Fall, for me, has always been an invigorating month—one I pine for after the intense heat and the humidity of summer have sapped my physical energy if not occasionally my spirit. However, fall now has a new meaning for me. It was this time last year my son had his first seizure and was subsequently diagnosed with epilepsy.
And while the falling leaves and crisp air continue to inspire me, I cannot help but go back to last fall—to October 11, 2011—a day that, in the words of Mitch Albom, “ben[t] my life.”
Tonight I had the distinct honor to be asked to speak at the University of Rhode Island in honor of The Matty Fund’s 2012 Epilepsy Awareness Campaign in conjunction with the College of Business and the Feinstein Center for Service Learning. The audience tonight consisted of 400 “URI 101” business students (freshmen) who will be working in groups to market and sell epilepsy awareness T-shirts on campus (and beyond) from tonight’s kick-off until early November.
With permission of The Matty Fund, I am sharing with you the speech I gave tonight. Please share this blog post with others to spread awareness of the good work of The Matty Fund and to help all people living with epilepsy.
If you go out into the parking lot, you’ll see my car. You can’t miss it. Friends of mine have termed it the “advocacy-mobile,” and they would be right. As an English teacher, I can say my bumper sticker that reads “A thesaurus is not a giant lizard,” tends to garner substantial attention. As an adoptive parent, I have a decal encouraging adoption. And as the parent of a child with epilepsy, I most certainly display a sticker promoting the good work of The Matty Fund. However, there is a sticker on my car that catches my eye every morning as I drop my school bag into the passenger seat of my car. It’s a quote from bestselling American author Mitch Albom, and it reads, “One day can bend your life.”
We know this to be true—no matter where we are on our journey in this life. People are born; they die. Our lives are changed; they are bent in a new and often unanticipated direction. For me, that day was October 11, 2011. I was at work. My children were at their babysitter’s—a babysitter who, in seven years of caring for my children, had never once called me at work. It was 12:30 PM. I was cleaning up my classroom when the front office called and said our babysitter was on the phone.
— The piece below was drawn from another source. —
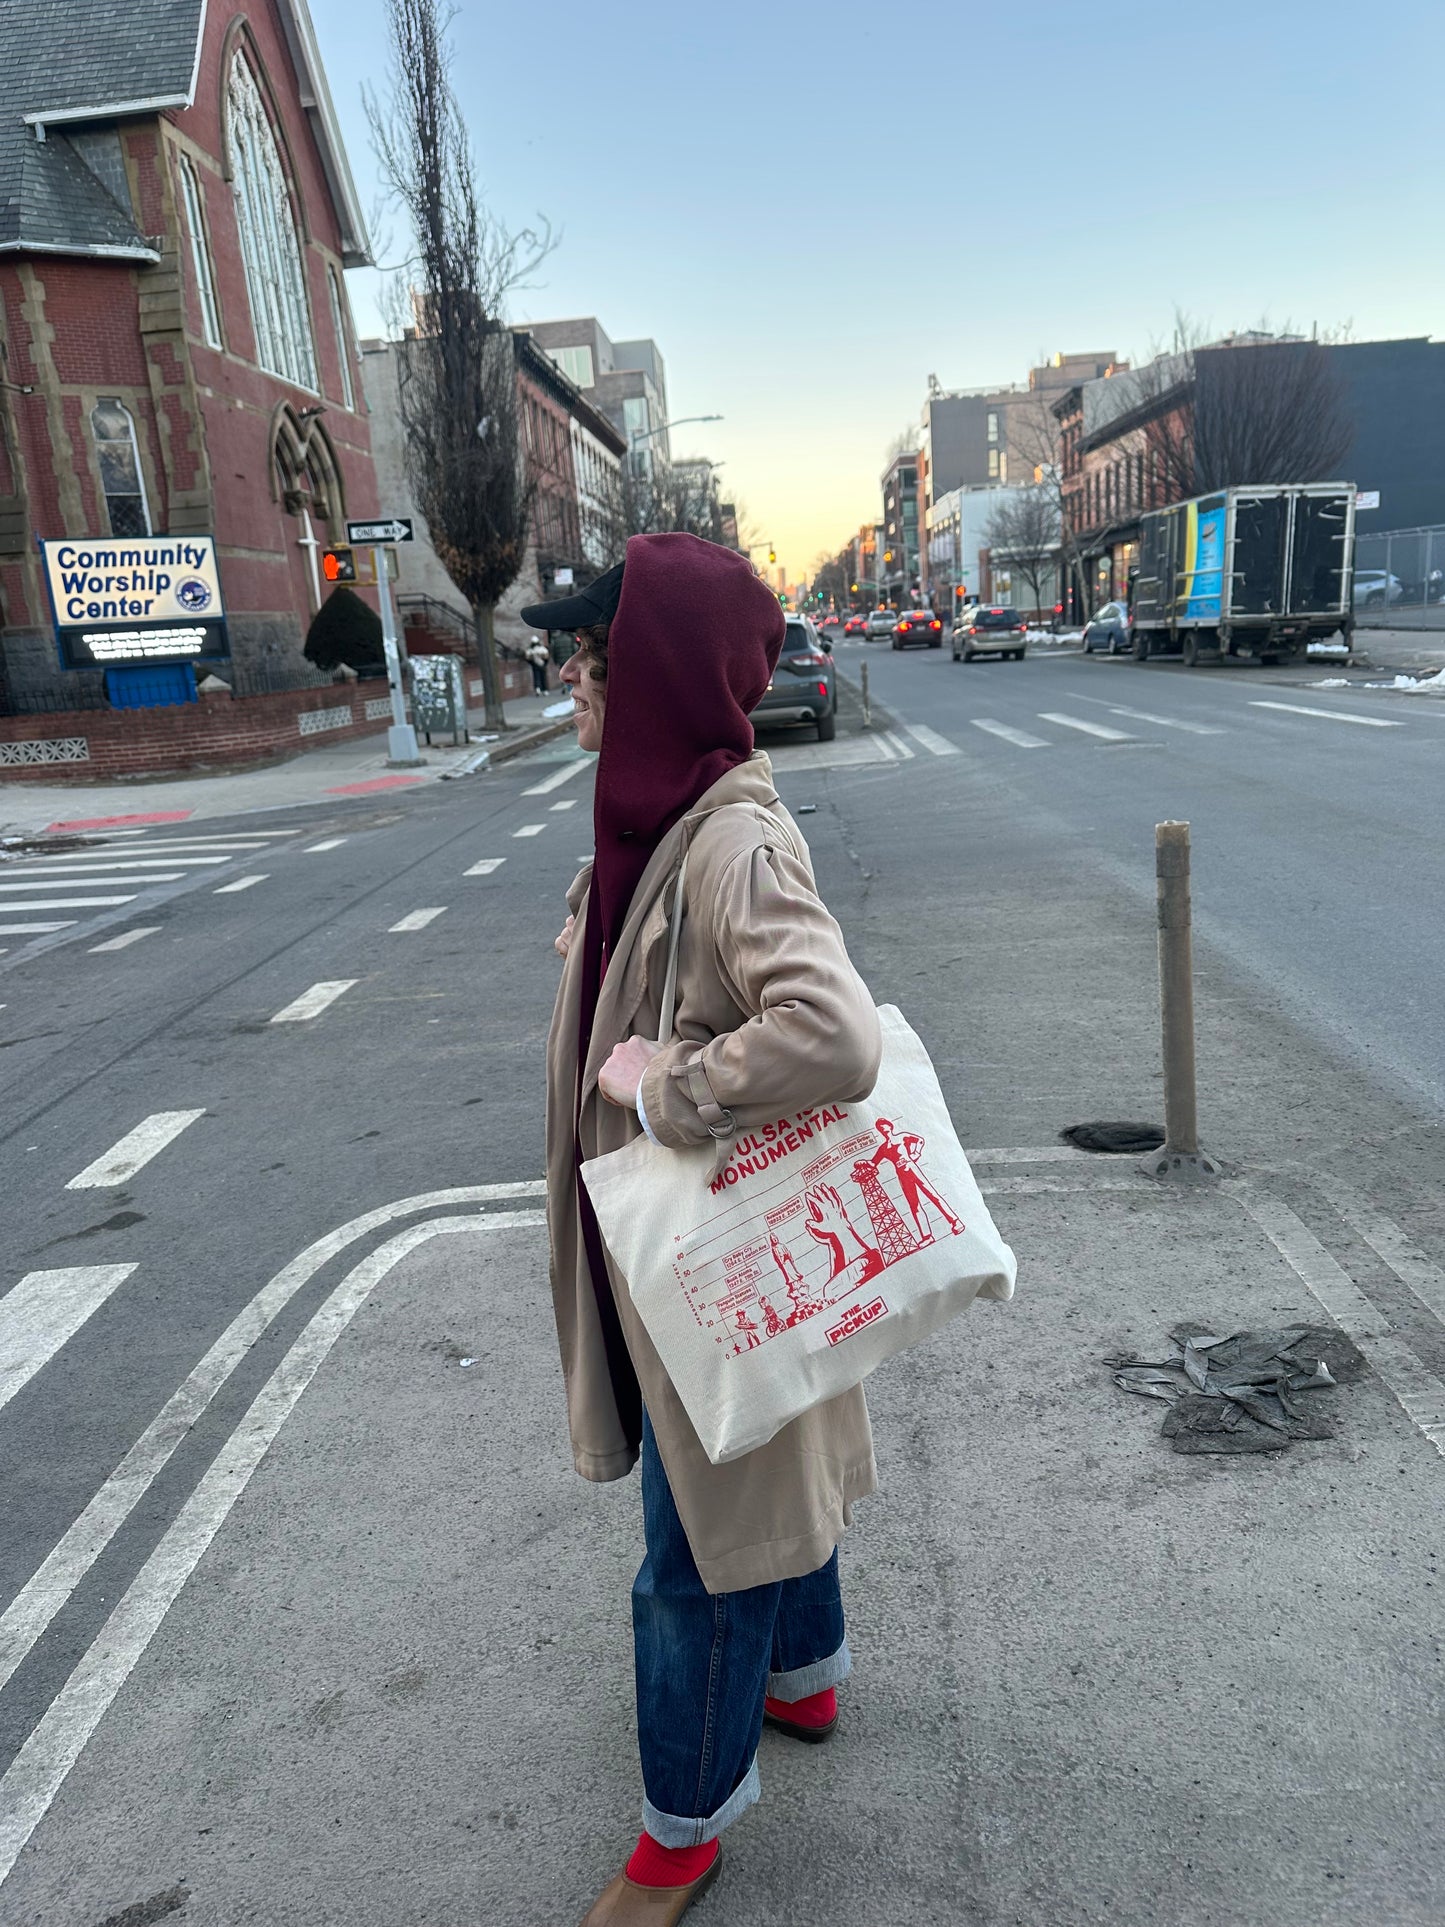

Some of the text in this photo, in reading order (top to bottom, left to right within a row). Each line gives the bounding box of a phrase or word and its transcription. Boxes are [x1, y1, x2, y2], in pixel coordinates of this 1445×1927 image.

My heart sank. And as I walked down the corridor of the high school where I teach, toward the telephone where she was waiting, I felt as though I were heading toward something irrevocable, toward something profound.
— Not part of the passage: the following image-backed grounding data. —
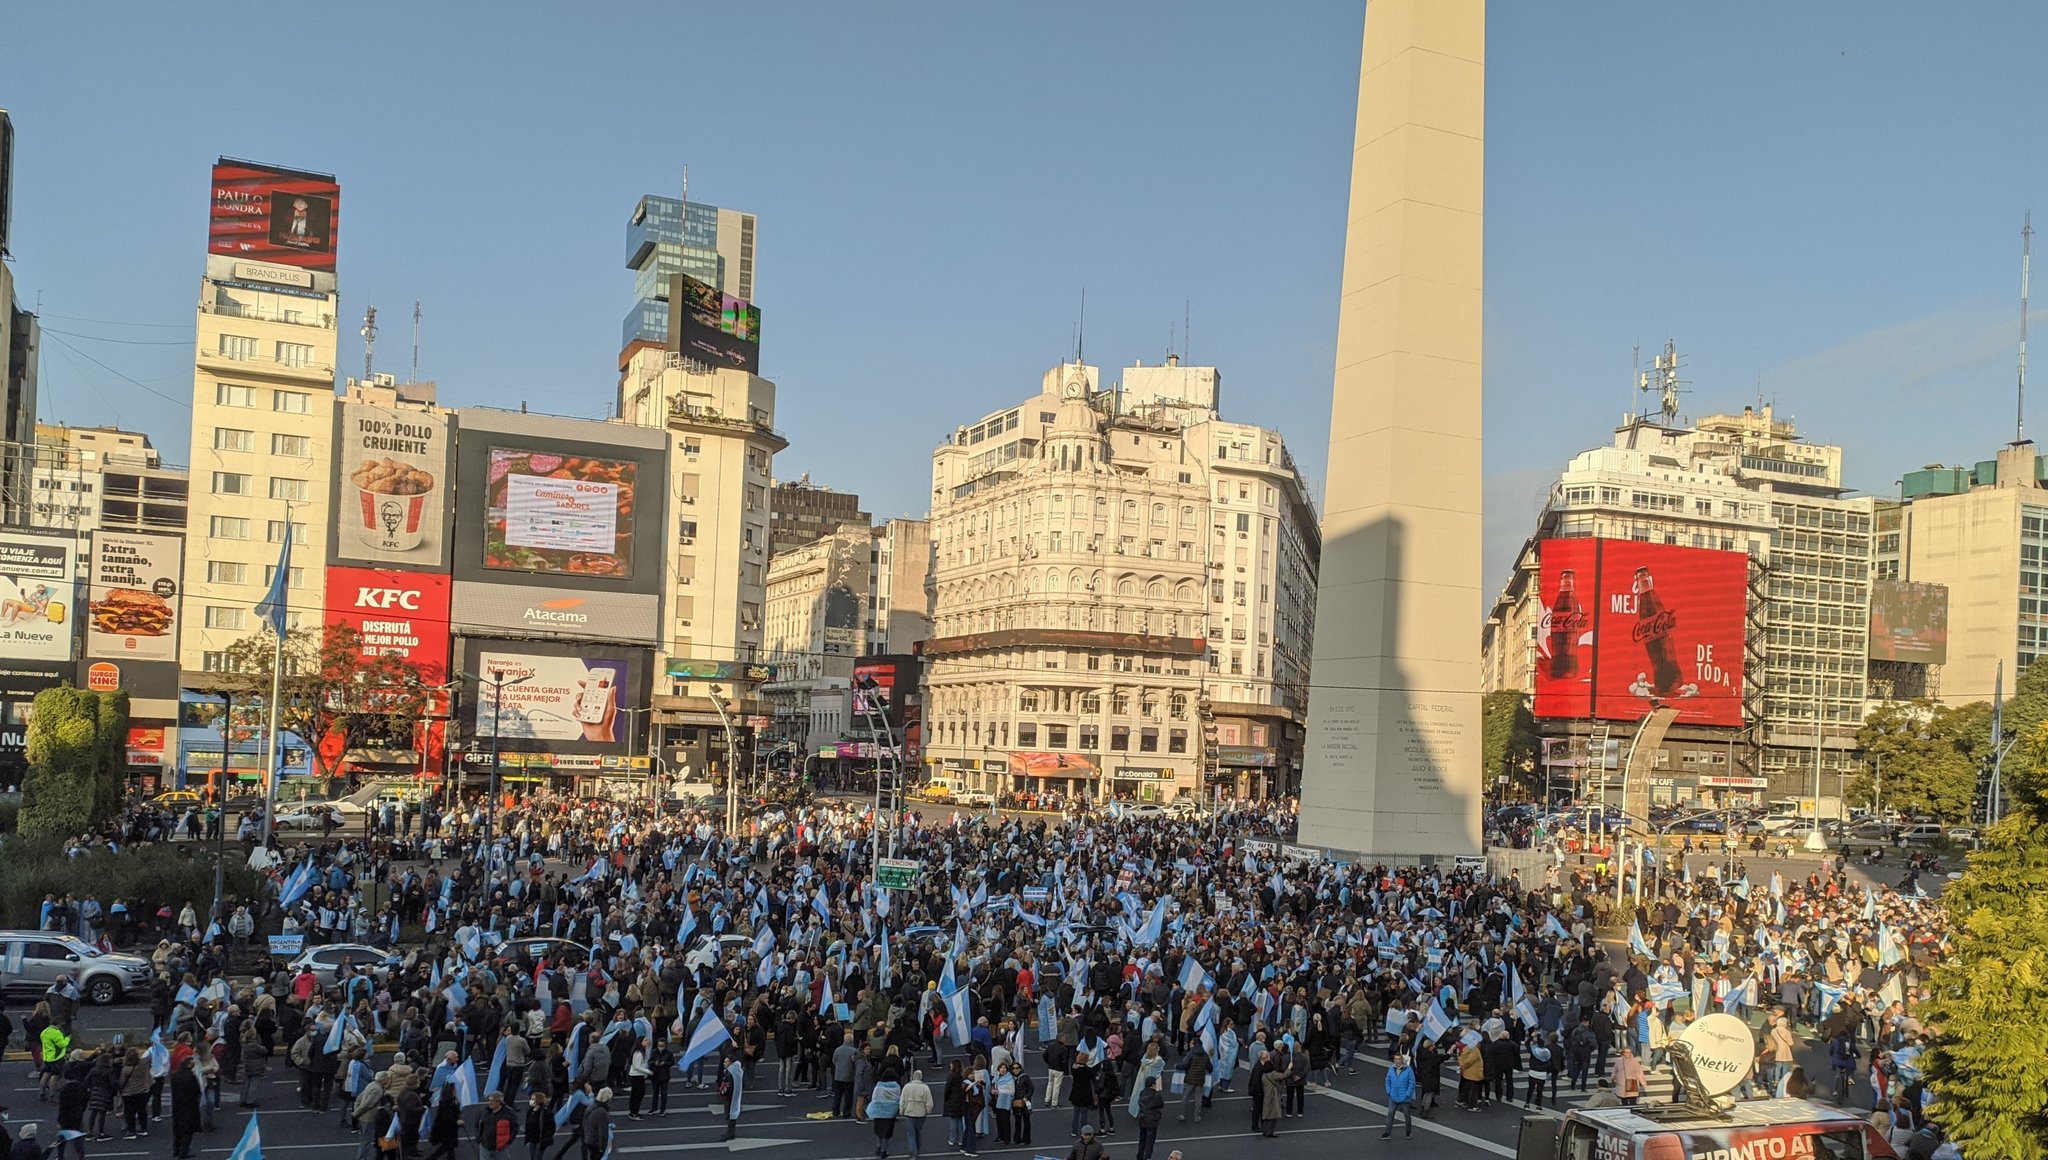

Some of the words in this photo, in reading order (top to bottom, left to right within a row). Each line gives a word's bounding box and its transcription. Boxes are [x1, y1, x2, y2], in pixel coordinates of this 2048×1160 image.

[217, 189, 263, 205] PAULO
[217, 201, 263, 215] LONDRA
[246, 268, 278, 279] BRAND
[279, 271, 300, 282] PLUS
[359, 419, 392, 435] 100%
[395, 423, 432, 439] POLLO
[363, 436, 427, 455] CRUJIENTE
[535, 488, 569, 500] Caminos
[556, 501, 592, 511] SABORES
[102, 544, 136, 554] Extra
[382, 540, 400, 548] KFC
[9, 547, 35, 556] VIAJE
[41, 556, 63, 565] AQUÍ
[102, 554, 152, 567] tamaño,
[101, 565, 134, 574] extra
[100, 574, 146, 586] manija.
[354, 587, 421, 610] KFC
[523, 608, 587, 623] Atacama
[1541, 611, 1589, 630] Coca-Cola
[362, 620, 411, 634] DISFRUTÁ
[1632, 608, 1677, 643] Coca-Cola
[15, 631, 53, 641] Nueve
[365, 635, 391, 645] MEJOR
[393, 636, 419, 646] POLLO
[1696, 644, 1713, 663] DE
[488, 658, 513, 666] Naranja
[90, 677, 117, 686] KING
[507, 685, 540, 693] CUENTA
[541, 687, 571, 695] GRATIS
[510, 694, 532, 702] USAR
[533, 695, 561, 703] MEJOR
[1118, 770, 1158, 778] McDonald's
[1650, 777, 1658, 785] DE
[1694, 1054, 1738, 1073] iNetVu
I picked up the receiver and listened as she described what she just saw: Our then six-year-old energetic and exuberant son Edgar had been sitting at the table, uneventfully working on an activity, when all of a sudden his limbs became stiff; his eyes rolled back. He was unresponsive—unconscious. As I listened to my babysitter’s words, nothing was registering. Nothing. I asked, now in a stupor and completely dumbfounded, “What do you think this means?” And she said, “I think he had a seizure.”
At this moment, on this day, my life was bent. If you are sitting in the audience today knowing very little about epilepsy and how it affects the people who have it, the people who love them, the people who are charged with teaching them, I would have been among you. On October 10, 2011, I did not know my son had epilepsy and knew even less about the condition itself. And on October 11, he did, and I had to learn.
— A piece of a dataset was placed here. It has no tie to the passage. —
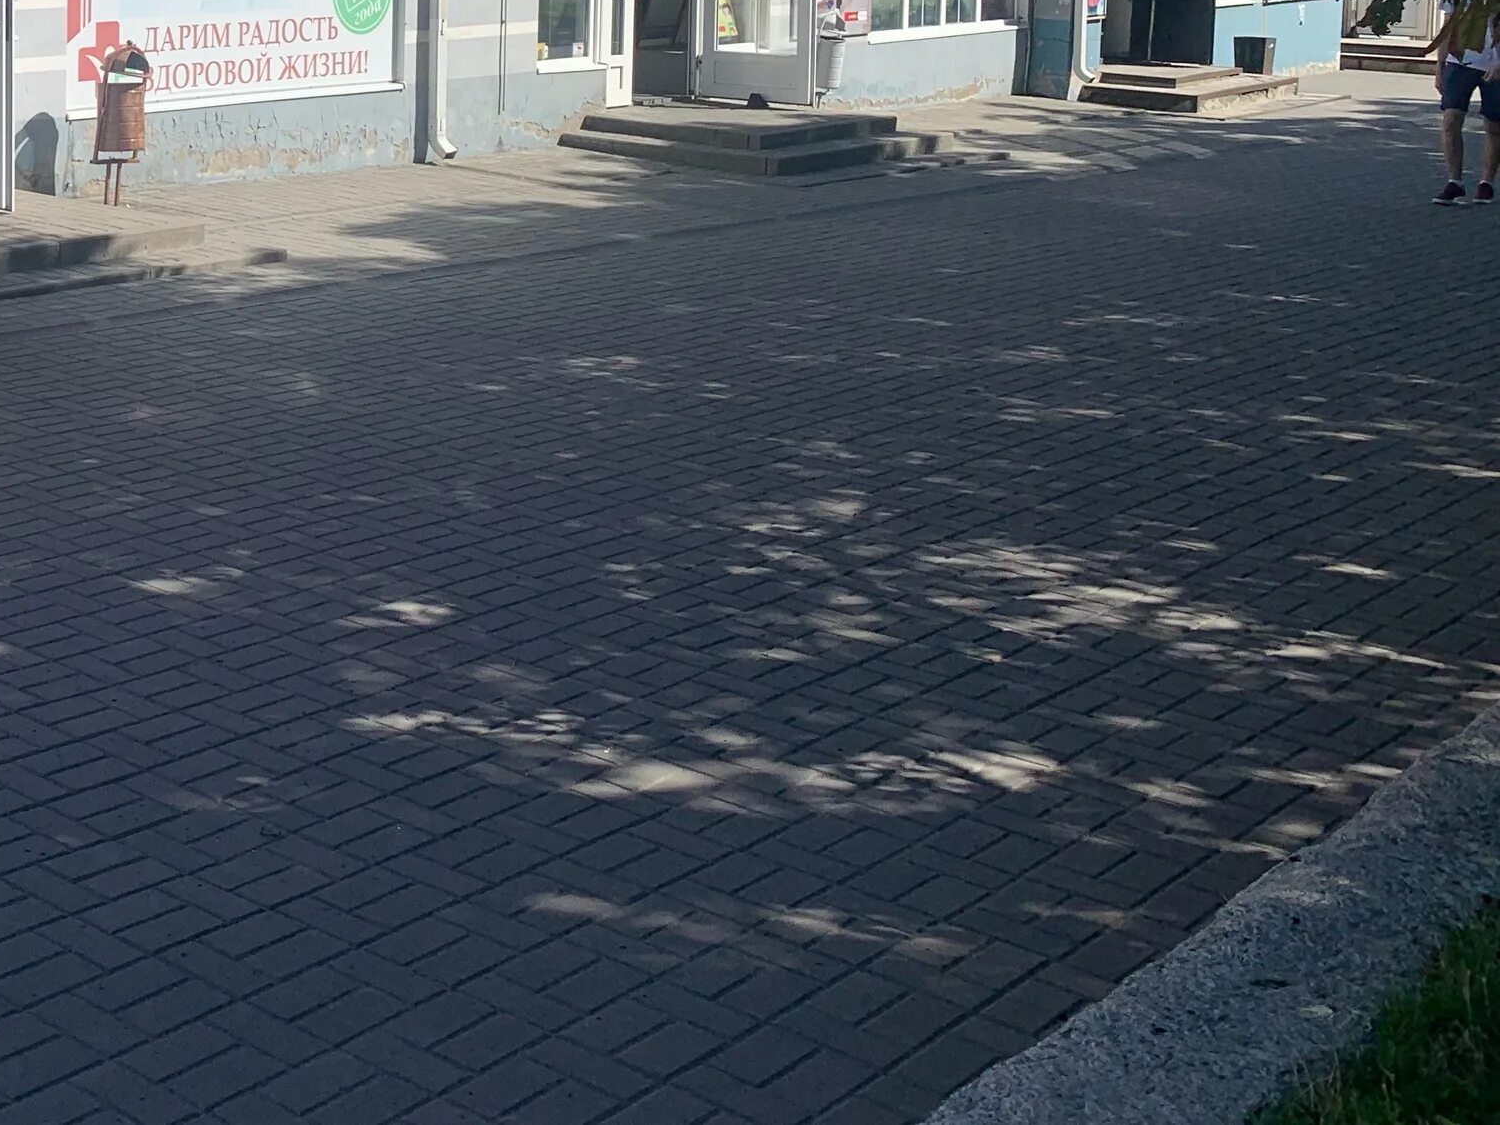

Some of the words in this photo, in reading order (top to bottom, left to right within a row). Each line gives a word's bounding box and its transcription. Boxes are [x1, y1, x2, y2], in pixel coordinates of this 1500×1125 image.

[354, 0, 382, 25] года
[143, 22, 231, 56] ДАРИМ
[237, 16, 339, 48] РАДОСТЬ
[278, 49, 369, 81] ЖИЗНИ!
We would like to believe that the stigma that surrounds epilepsy is abating. But it’s not. It remains shrouded in mystery and mystique, and there is simply only one way through the mire—education. To say that the work of The Matty Fund is invaluable is an understatement—and a vast one at that. They have helped our family negotiate our path—they are our guides, our mentors, or teachers, our advocates and friends. And they are doing good work in the world—helping to lift the veil that regularly and, I would argue tragically, obscures our society’s understanding and acceptance of epilepsy.
And they need your help.
I often tell my children that the greatest gift you can give someone else is to teach them what you know. As you educate yourself about what epilepsy is—and is not—please share your knowledge with others. Teach them what you know to be true. And know that as you spread awareness, you are helping to eradicate the blight that is placed on those who must contend with this condition. You, like The Matty Fund, are doing good work in the world. And as the parent of a child with epilepsy, as Edgar’s mother, my gratitude is immeasurable.